Quand des gens lui demandent ce qui lui cause des insomnies, Kevin McCourt répond sans réfléchir: «C'est la sécurité de mon personnel.»

Kevin McCourt dirige la section canadienne de l'organisation humanitaire CARE. «Nous sommes partout où ça va mal», résume-t-il.

Au fil des ans, CARE Canada a perdu des dizaines d'employés. En Somalie, au début des années 90. Au Rwanda, pendant le génocide.

 

Mais depuis quelque temps, la menace a changé de visage. «Il y a 20 ans, les employés risquaient leur vie parce qu'ils se trouvaient au mauvais endroit, au mauvais moment. Aujourd'hui, ils sont directement ciblés par les belligérants.»
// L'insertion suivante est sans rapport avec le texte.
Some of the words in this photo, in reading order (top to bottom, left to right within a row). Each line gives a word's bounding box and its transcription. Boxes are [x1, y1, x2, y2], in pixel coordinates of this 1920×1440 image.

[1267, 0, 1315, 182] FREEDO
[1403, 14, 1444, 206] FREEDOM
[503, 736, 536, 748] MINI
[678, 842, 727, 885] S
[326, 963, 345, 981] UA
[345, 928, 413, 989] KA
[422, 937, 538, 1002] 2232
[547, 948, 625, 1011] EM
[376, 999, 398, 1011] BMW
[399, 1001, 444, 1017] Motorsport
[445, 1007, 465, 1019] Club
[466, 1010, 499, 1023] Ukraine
Encore récemment, des employés de CARE Canada ont été menacés en Somalie. L'organisation humanitaire a fini par suspendre plusieurs projets dans ce pays. Elle ne pouvait plus garantir la sécurité de son personnel.

CARE n'est pas la seule. Avec 122 coopérants tués et 62 enlevés, les organisations humanitaires ont payé, en 2008, un lourd tribut à la violence.
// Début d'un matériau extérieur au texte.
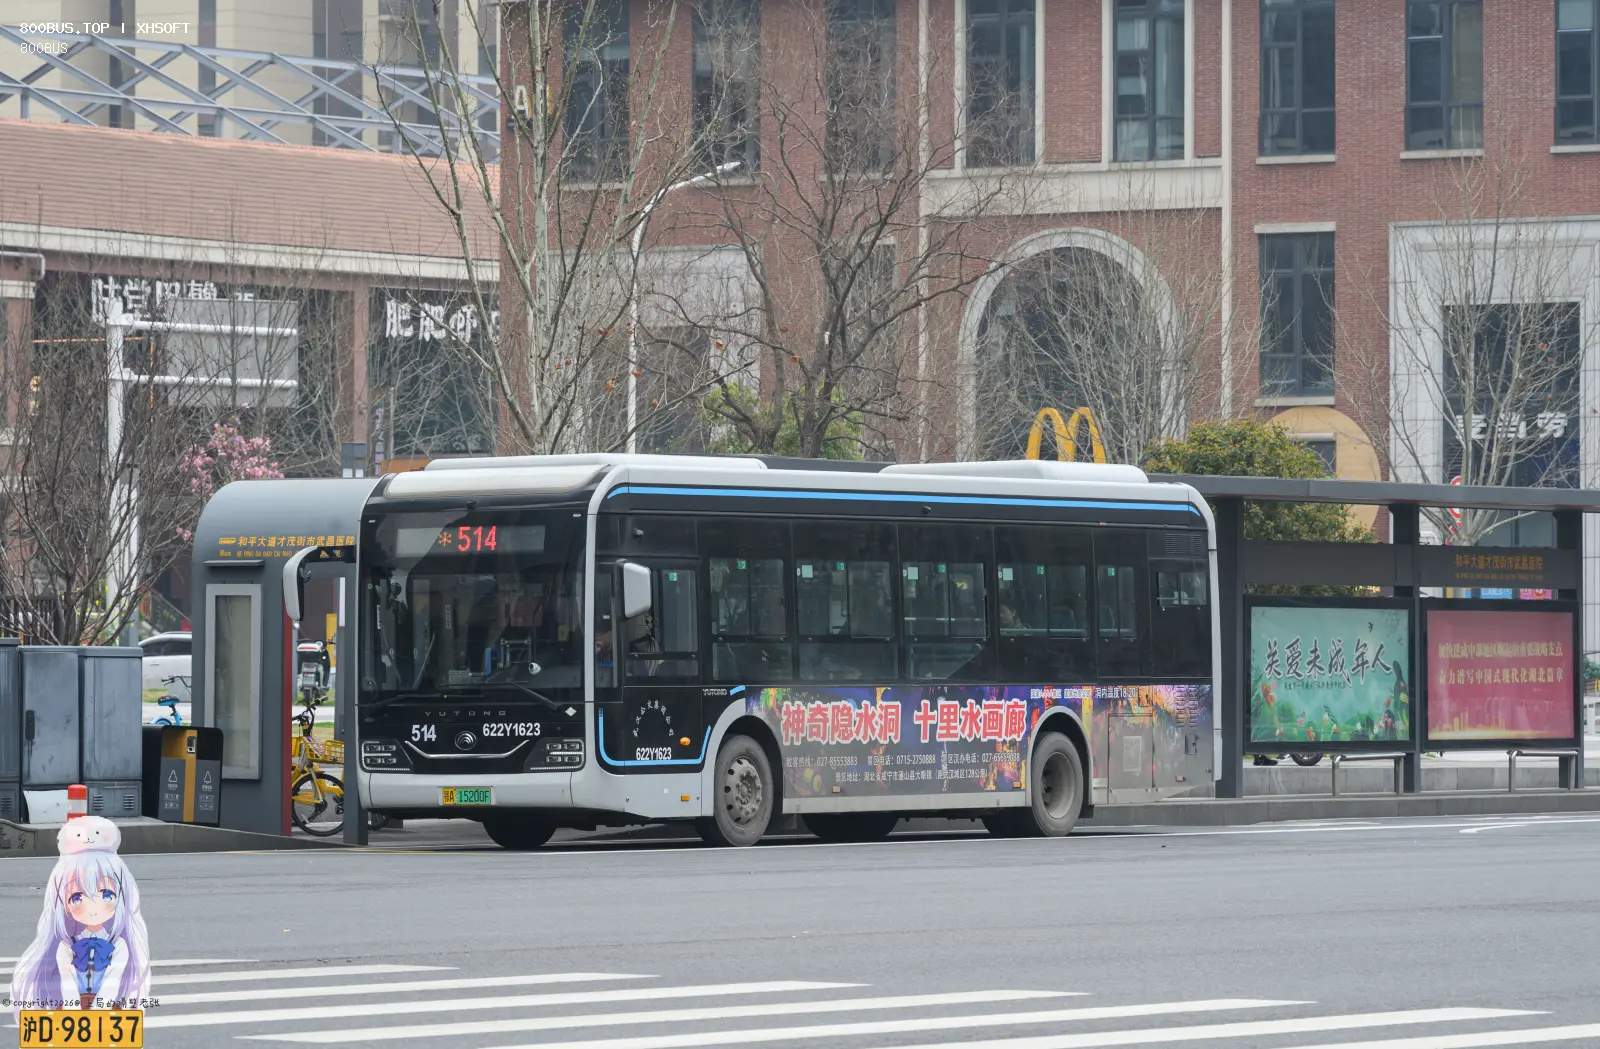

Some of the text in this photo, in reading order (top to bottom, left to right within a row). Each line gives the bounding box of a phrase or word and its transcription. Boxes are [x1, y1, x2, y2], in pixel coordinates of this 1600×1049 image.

[457, 525, 497, 552] 514
[782, 698, 1027, 745] 神奇隐水洞 十里水画廊
[411, 725, 437, 741] 514
[482, 723, 541, 737] 622Y1623
[635, 747, 672, 761] 622Y1623
C'était de loin la pire année pour les coopérants, affirme le Centre sur la coopération internationale, qui documente le phénomène depuis 13 ans.

En 1998, ce centre de recherche ne recensait que 27 attaques contre des humanitaires. L'an dernier, il y en eu plus de 155. Le risque d'enlèvement a augmenté de 350% depuis trois ans. Et les coopérants risquent désormais davantage de se faire tuer que... les soldats de l'ONU.
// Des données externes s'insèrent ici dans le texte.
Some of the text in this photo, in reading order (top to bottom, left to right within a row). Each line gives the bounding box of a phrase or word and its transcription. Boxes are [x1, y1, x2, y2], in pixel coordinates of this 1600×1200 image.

De plus en plus, ces attaques visent spécifiquement les organisations internationales et leurs employés étrangers, constate le Centre de coopération internationale. Pourquoi? En partie pour des raisons politiques. Et en partie par appât du gain.

Perte d'immunité

«Autrefois, les véhicules blancs avaient une certaine immunité. Plus maintenant», note Marion Turmine, directrice de projets pour Oxfam-Québec.

Cette immunité a été tellement écorchée que plusieurs ONG ont décidé de repeindre leurs véhicules en rouge ou en vert. Question de passer inaperçues...

Pourquoi donc ceux qui apportent de l'aide aux civils se trouvent-ils, désormais, dans la mire des groupes armés? En partie parce que les organisations humanitaires se livrent de plus en plus à une sorte de mélange de genres, en s'associant de trop près à des forces militaires, déplore Jerry Barr, du Conseil canadien pour la coopération internationale.

Du coup, les travailleurs humanitaires sont identifiés aux armées combattantes, déplore-t-il.

La forme même des conflits a changé, augmentant le risque pour les coopérants, dit Frédéric Sanchez, de la section canadienne de Médecins sans frontières. «Quand j'étais en Bosnie, pendant les guerres des Balkans, c'était plus simple: il y avait deux ou trois armées qui se battaient entre elles, et nous avions des interlocuteurs avec qui négocier», rappelle-t-il.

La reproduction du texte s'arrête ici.